* _Work to be completed_: The lines to reproduce run from the one containing "Some of the words" through the end of the records below. Reproduce them exactly and add nothing.

##############################

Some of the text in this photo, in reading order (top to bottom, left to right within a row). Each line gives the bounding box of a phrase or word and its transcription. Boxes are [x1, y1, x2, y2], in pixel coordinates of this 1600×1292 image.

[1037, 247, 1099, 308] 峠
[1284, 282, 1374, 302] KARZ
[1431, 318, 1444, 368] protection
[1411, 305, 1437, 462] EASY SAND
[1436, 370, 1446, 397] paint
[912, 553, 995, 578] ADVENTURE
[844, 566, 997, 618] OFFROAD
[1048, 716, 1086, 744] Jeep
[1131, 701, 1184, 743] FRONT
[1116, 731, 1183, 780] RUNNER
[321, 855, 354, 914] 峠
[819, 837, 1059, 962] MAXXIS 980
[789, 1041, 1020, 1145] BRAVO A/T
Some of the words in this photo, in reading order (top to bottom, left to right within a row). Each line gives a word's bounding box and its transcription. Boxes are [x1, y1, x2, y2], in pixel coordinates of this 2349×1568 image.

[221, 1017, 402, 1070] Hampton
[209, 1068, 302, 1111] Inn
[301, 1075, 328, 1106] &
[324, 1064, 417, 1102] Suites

##############################

* _Expected answer_:
Some of the words in this photo, in reading order (top to bottom, left to right within a row). Each line gives a word's bounding box and its transcription. Boxes are [x1, y1, x2, y2], in pixel coordinates of this 2349×1568 image.

[221, 1017, 402, 1070] Hampton
[209, 1068, 302, 1111] Inn
[301, 1075, 328, 1106] &
[324, 1064, 417, 1102] Suites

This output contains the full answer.